TO DO
Scan the records beneath this line for the line holding "this 1600×1066 image." and the line holding "this 1344×1512 image.", then transcribe exactly those two and all lines between.

WORKING DATA
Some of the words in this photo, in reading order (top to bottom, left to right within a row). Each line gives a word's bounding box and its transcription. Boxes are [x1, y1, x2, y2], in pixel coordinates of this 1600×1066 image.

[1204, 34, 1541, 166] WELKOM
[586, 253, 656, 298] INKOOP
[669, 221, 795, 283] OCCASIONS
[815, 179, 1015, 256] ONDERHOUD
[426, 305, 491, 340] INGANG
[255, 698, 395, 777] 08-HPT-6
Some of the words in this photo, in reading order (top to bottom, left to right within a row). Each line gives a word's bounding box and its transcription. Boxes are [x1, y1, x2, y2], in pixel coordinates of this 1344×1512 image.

* * *

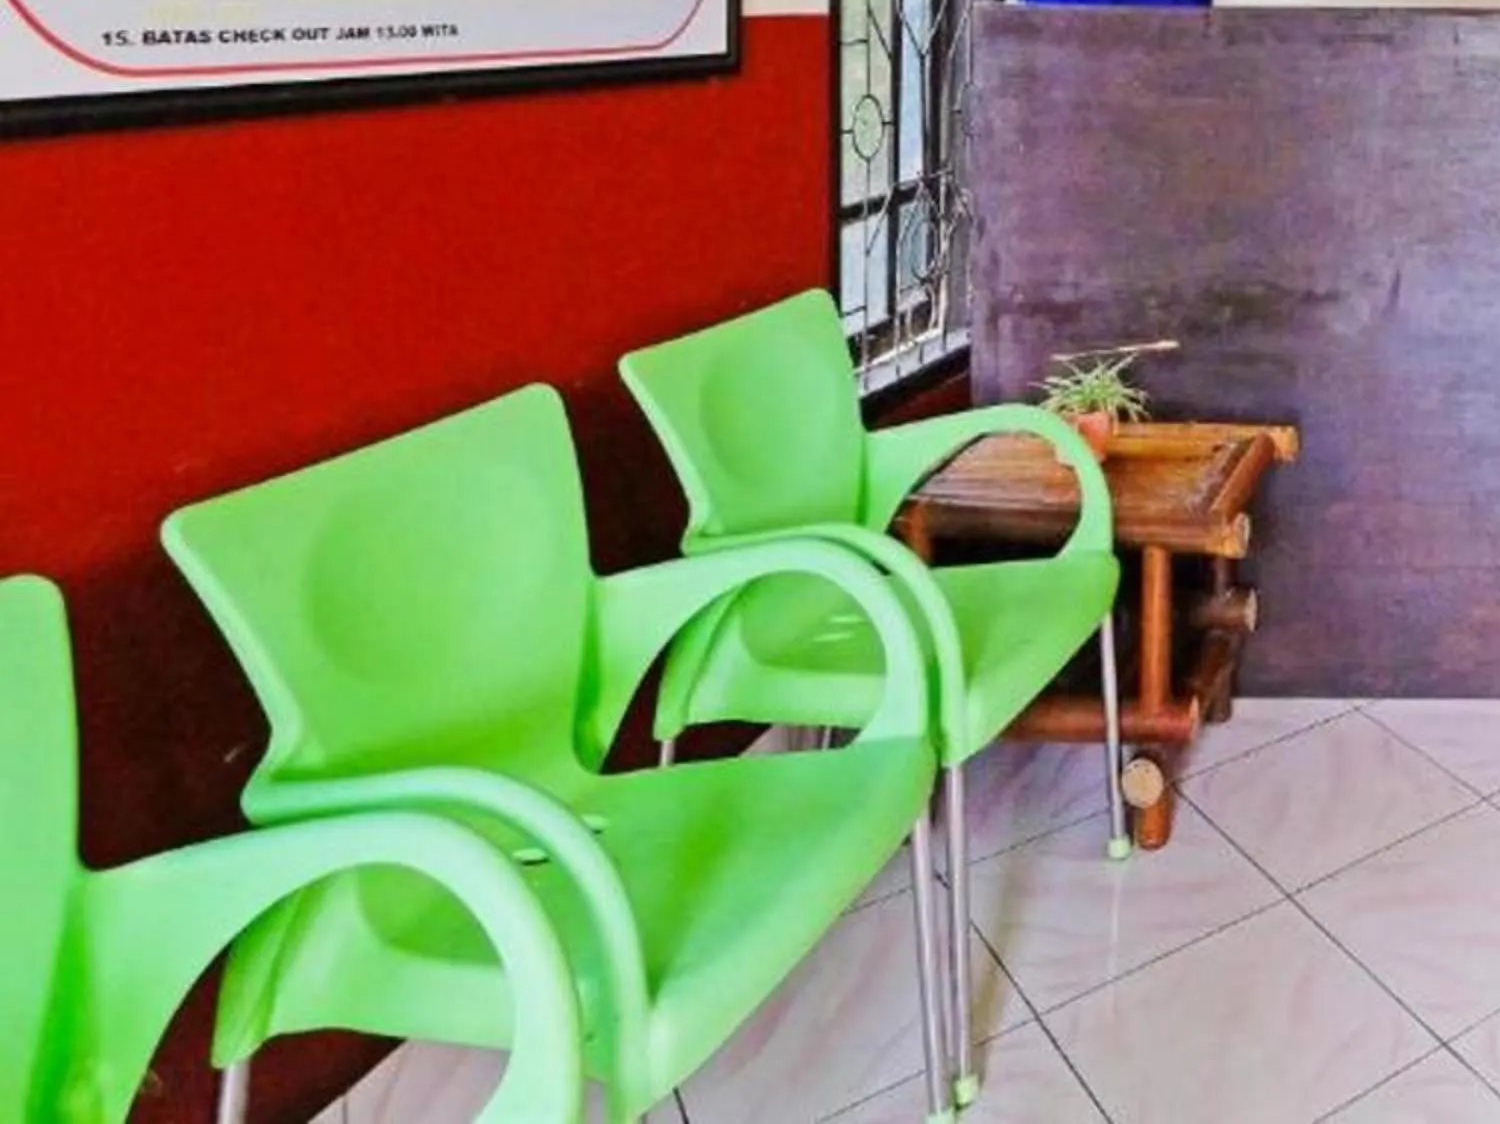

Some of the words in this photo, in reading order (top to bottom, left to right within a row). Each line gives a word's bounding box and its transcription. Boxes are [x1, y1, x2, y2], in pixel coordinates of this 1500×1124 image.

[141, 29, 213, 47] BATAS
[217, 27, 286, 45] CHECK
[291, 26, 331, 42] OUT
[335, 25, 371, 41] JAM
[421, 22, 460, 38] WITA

...

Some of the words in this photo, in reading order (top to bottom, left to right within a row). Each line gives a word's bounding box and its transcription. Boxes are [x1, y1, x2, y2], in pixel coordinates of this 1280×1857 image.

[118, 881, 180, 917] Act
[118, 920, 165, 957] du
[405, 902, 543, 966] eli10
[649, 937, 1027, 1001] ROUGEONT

EXPECTED ANSWER
Some of the words in this photo, in reading order (top to bottom, left to right within a row). Each line gives a word's bounding box and its transcription. Boxes are [x1, y1, x2, y2], in pixel coordinates of this 1600×1066 image.

[1204, 34, 1541, 166] WELKOM
[586, 253, 656, 298] INKOOP
[669, 221, 795, 283] OCCASIONS
[815, 179, 1015, 256] ONDERHOUD
[426, 305, 491, 340] INGANG
[255, 698, 395, 777] 08-HPT-6
Some of the words in this photo, in reading order (top to bottom, left to right within a row). Each line gives a word's bounding box and its transcription. Boxes are [x1, y1, x2, y2], in pixel coordinates of this 1344×1512 image.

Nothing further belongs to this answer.